El hombre lo evaluó con una mirada crítica antes de soltar un gruñido aprobatorio.
-Bien. Aquí no nos gustan los vagos. Te encargarás de inspeccionar los lotes. Revisa números de serie, calidad, que no haya desperfectos. Nada de porquería en este almacén.
Obanai no dijo nada y se puso a trabajar. Mientras lo hacía, analizaba todo lo que veía: la procedencia de las armas, los patrones en los envíos, los posibles puntos débiles en la distribución.
Cada caja revisada era un paso más en la recopilación de información.
Sanemi descendió por unas escaleras estrechas, el olor a humedad y hierro oxidado intensificándose con cada paso. El subsuelo no era un simple sótano; era un laberinto de salas de tortura, celdas improvisadas y habitaciones con herramientas diseñadas para quebrar la voluntad de cualquiera.
Un hombre alto, vestido con una camisa arremangada y guantes de cuero manchados, lo recibió con una sonrisa lobuna.

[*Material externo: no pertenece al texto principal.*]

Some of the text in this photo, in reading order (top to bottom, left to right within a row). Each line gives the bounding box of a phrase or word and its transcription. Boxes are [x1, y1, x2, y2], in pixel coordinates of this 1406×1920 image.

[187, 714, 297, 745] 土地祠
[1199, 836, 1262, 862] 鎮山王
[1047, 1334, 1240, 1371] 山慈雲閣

-Así que eres el nuevo. ¿Te gusta la sangre?
Sanemi sonrió con ferocidad.
-Si es la de un bastardo traidor, no me molesta.
El hombre rió, palmeándole la espalda.
-Me agradas. Vamos, te enseñaré cómo trabajamos aquí.

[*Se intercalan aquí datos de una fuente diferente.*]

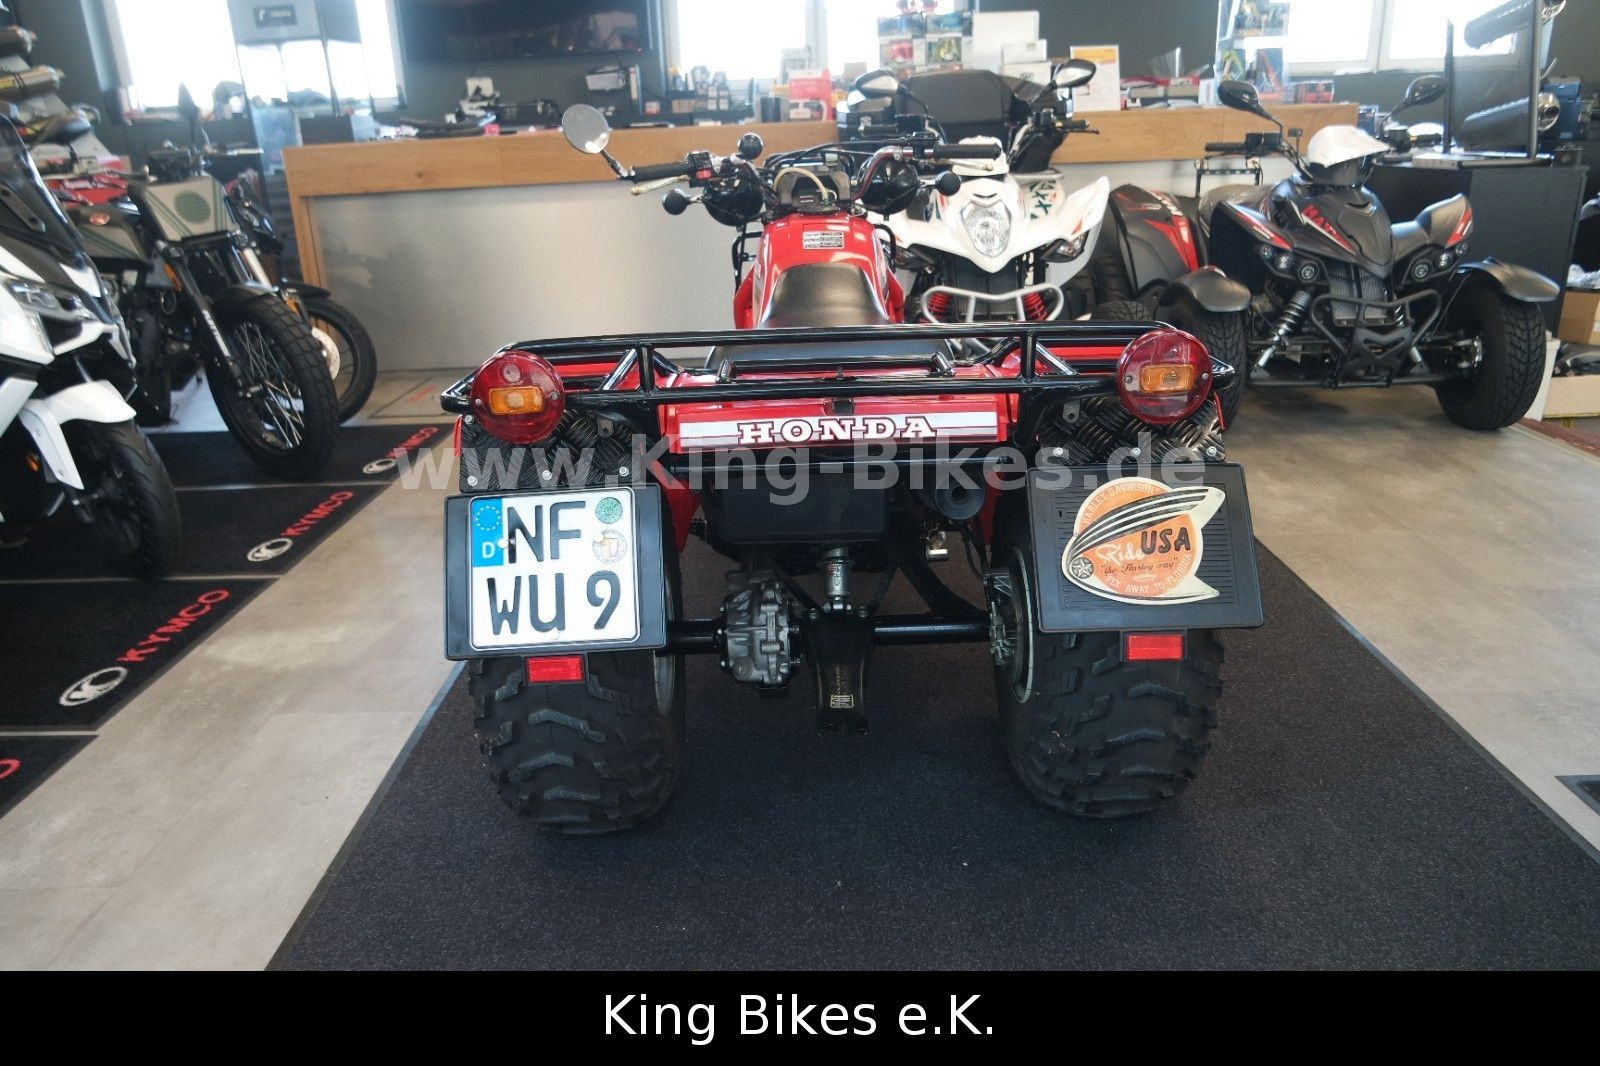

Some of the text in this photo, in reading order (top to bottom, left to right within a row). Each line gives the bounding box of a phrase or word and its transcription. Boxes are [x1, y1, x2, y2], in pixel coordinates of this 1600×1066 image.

Sanemi siguió al torturador hasta una celda donde un hombre atado a una silla jadeaba débilmente, el rostro cubierto de moretones.

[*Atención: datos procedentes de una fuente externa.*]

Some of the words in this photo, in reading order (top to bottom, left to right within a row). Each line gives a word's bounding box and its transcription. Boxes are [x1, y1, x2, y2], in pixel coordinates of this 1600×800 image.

-Dicen que este imbécil filtró información a la policía. Necesitamos saber cuánto habló antes de matarlo. ¿Quieres empezar?
Sanemi miró al prisionero, su mente fría y calculadora.
Si quería ser convincente, no podía dudar.
Tomó un cuchillo de la mesa y sonrió.
-Será un placer.
Y con ese primer corte, selló su papel dentro de la mafia.
...
El día había sido largo.
Sanemi estaba exhausto, pero al mismo tiempo sentía una extraña satisfacción en su pecho. Golpear, intimidar y hacer gritar a aquellos bastardos traidores había sido una buena forma de liberar toda la tensión que llevaba acumulada desde que llegó a ese maldito lugar. Gyutaro, el jefe de torturas, había sido un maestro cruel y exigente, pero Sanemi había demostrado que no le temblaba la mano.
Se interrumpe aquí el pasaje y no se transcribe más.